- **Your assignment**
Leaving out the pictures, reproduce each record exactly and in full.

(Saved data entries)
——
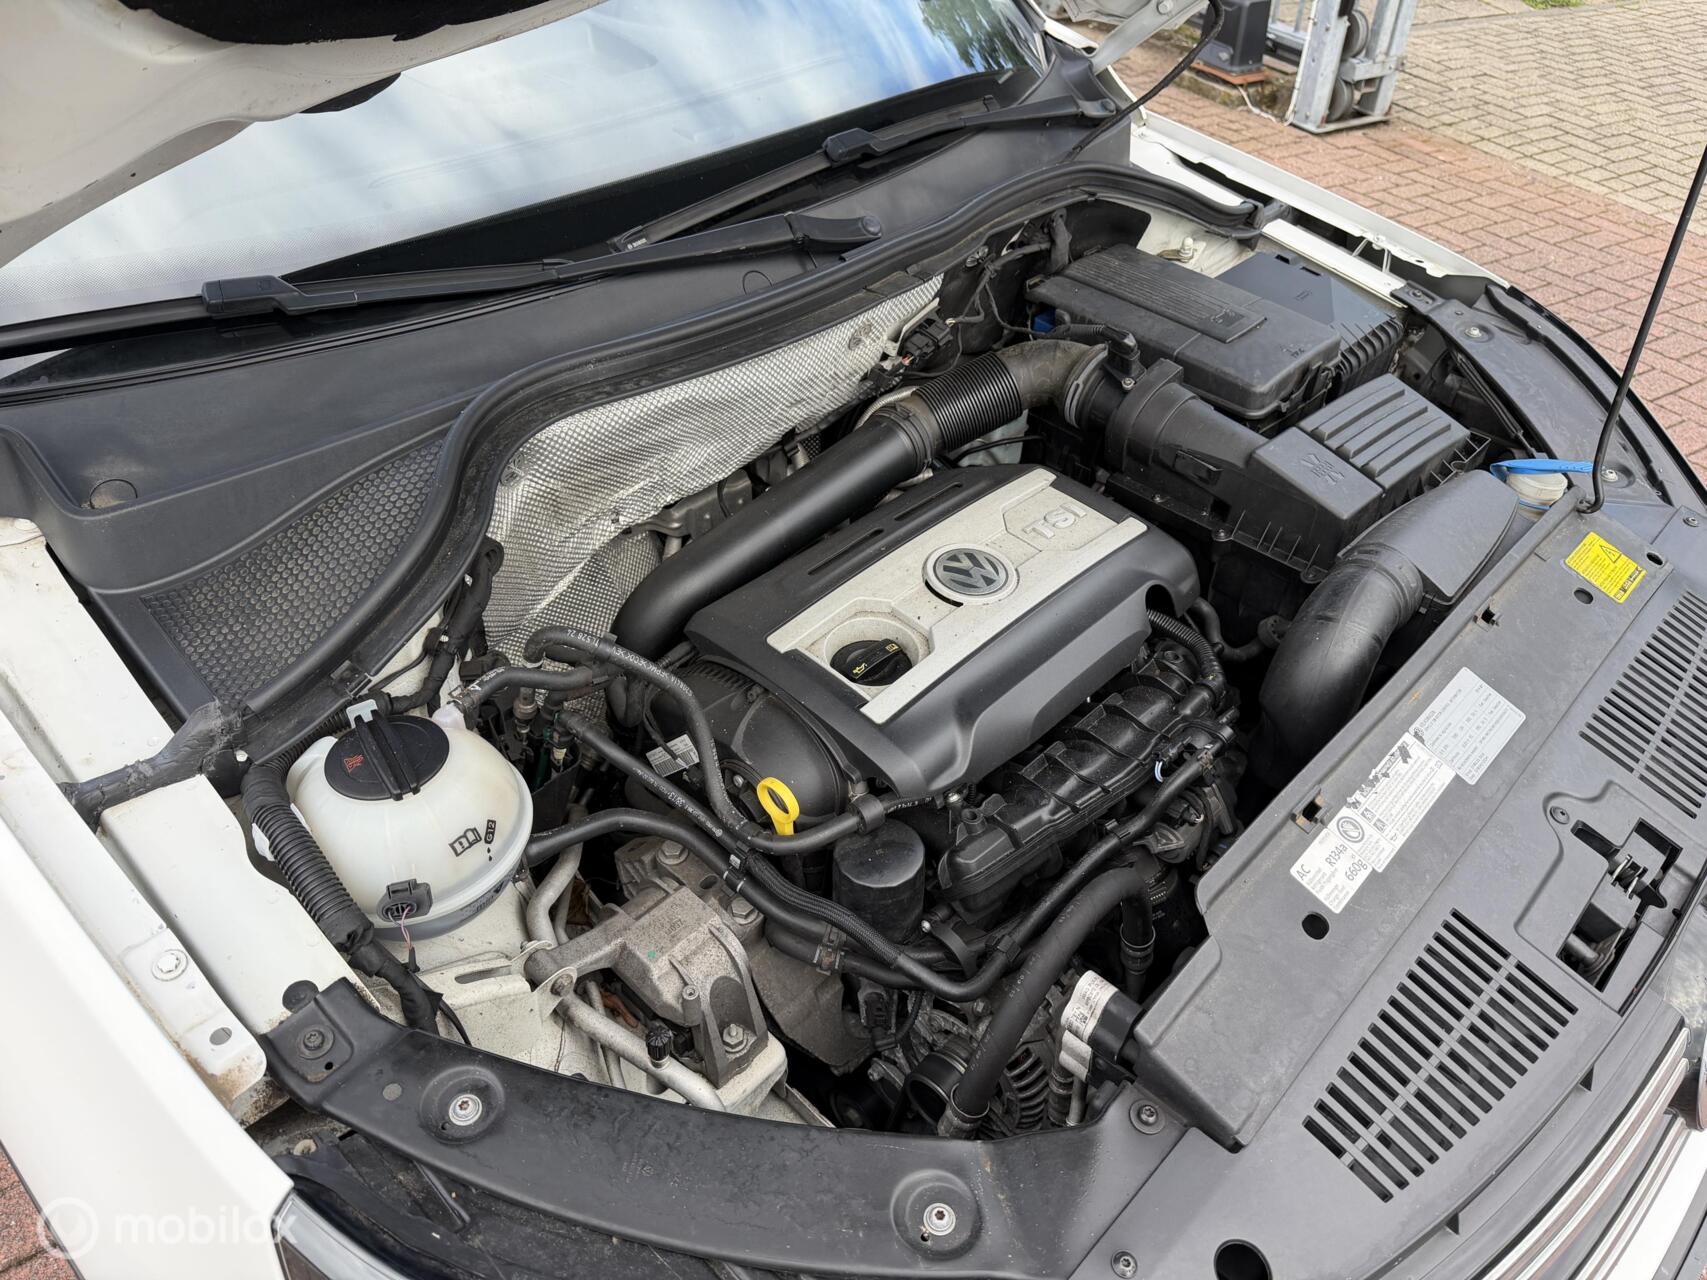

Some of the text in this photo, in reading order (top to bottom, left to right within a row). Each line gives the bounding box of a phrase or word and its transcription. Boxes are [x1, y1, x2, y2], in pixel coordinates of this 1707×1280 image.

[1022, 502, 1087, 539] TSI
[1325, 844, 1348, 867] R134a
[1296, 864, 1311, 881] AC
[1345, 859, 1368, 881] 660g
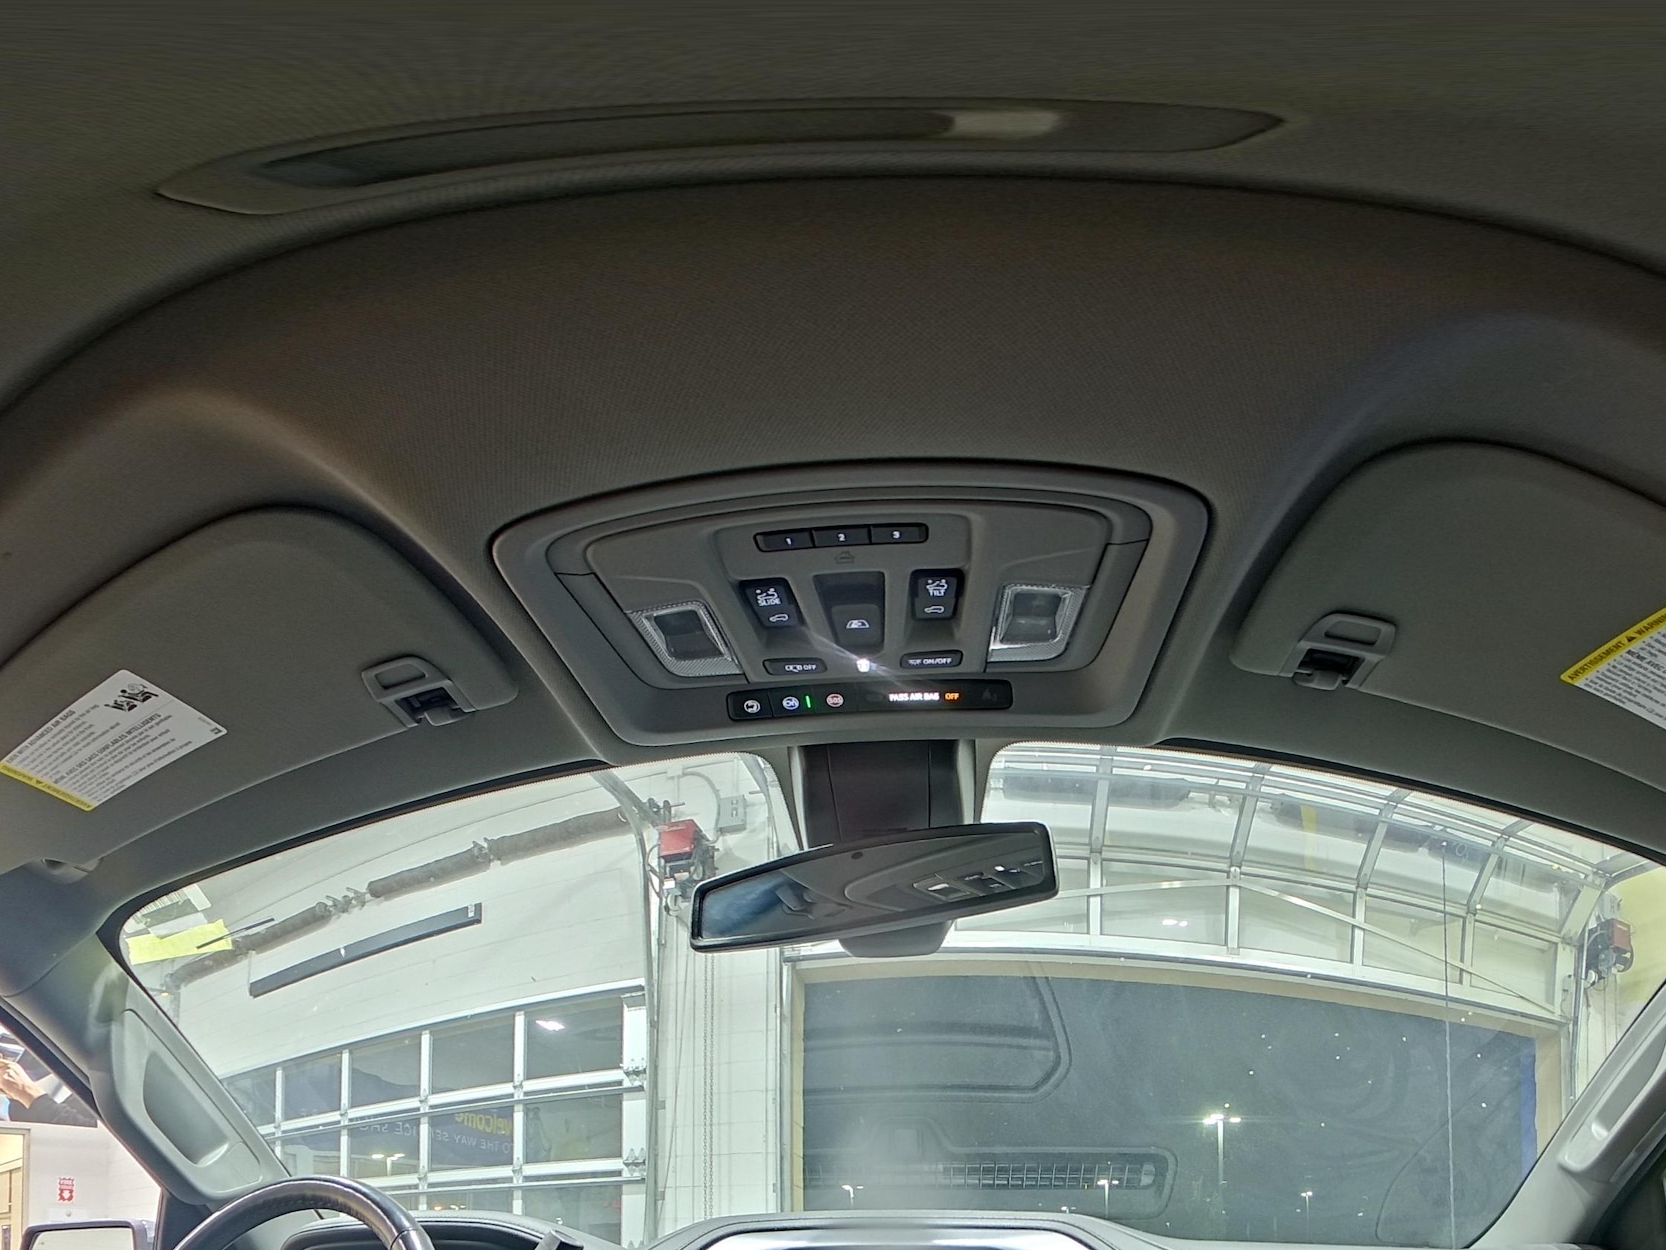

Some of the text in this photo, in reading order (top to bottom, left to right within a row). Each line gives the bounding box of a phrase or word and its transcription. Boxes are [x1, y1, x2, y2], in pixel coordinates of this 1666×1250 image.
——
- **Result of this exercise**
Some of the text in this photo, in reading order (top to bottom, left to right within a row). Each line gives the bounding box of a phrase or word and its transcription. Boxes are [x1, y1, x2, y2], in pixel coordinates of this 1707×1280 image.

[1022, 502, 1087, 539] TSI
[1325, 844, 1348, 867] R134a
[1296, 864, 1311, 881] AC
[1345, 859, 1368, 881] 660g

Some of the text in this photo, in reading order (top to bottom, left to right within a row). Each line gives the bounding box of a phrase or word and its transcription. Boxes are [x1, y1, x2, y2], in pixel coordinates of this 1666×1250 image.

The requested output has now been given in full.